──────── Available data ────────

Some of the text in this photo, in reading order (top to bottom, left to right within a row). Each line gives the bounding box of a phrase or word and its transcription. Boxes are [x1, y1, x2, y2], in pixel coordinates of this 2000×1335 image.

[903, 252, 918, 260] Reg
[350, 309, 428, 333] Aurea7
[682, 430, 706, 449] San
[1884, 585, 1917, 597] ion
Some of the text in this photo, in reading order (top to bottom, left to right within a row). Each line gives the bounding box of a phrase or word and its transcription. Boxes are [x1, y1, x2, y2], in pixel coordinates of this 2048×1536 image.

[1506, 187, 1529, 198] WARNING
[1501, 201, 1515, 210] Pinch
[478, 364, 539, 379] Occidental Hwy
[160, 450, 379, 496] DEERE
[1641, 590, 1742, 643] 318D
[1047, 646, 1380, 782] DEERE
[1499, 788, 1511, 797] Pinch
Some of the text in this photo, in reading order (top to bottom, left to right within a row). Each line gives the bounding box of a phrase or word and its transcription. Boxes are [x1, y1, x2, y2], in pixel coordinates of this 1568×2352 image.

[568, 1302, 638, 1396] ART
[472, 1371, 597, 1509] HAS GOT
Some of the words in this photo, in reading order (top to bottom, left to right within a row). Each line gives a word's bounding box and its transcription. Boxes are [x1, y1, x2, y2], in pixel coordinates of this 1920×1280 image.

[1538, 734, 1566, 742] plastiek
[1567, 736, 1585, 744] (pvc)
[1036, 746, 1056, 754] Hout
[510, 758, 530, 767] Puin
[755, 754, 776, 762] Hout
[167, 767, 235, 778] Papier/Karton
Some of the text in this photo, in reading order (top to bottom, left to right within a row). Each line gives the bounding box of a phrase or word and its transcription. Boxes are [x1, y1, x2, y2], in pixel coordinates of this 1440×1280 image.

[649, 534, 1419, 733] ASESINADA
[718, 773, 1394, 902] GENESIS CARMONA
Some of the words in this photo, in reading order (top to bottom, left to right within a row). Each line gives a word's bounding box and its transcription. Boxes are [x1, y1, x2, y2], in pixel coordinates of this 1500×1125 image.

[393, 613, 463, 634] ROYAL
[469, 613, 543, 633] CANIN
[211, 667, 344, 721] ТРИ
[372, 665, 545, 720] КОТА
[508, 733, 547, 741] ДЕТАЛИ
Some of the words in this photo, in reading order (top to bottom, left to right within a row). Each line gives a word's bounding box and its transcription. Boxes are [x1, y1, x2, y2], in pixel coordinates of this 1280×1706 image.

────────

Please return every line from the one that contains "this 1500×1125 image." through the end of the entries, exactly, leaving out all others.

Some of the words in this photo, in reading order (top to bottom, left to right within a row). Each line gives a word's bounding box and its transcription. Boxes are [x1, y1, x2, y2], in pixel coordinates of this 1500×1125 image.

[393, 613, 463, 634] ROYAL
[469, 613, 543, 633] CANIN
[211, 667, 344, 721] ТРИ
[372, 665, 545, 720] КОТА
[508, 733, 547, 741] ДЕТАЛИ
Some of the words in this photo, in reading order (top to bottom, left to right within a row). Each line gives a word's bounding box and its transcription. Boxes are [x1, y1, x2, y2], in pixel coordinates of this 1280×1706 image.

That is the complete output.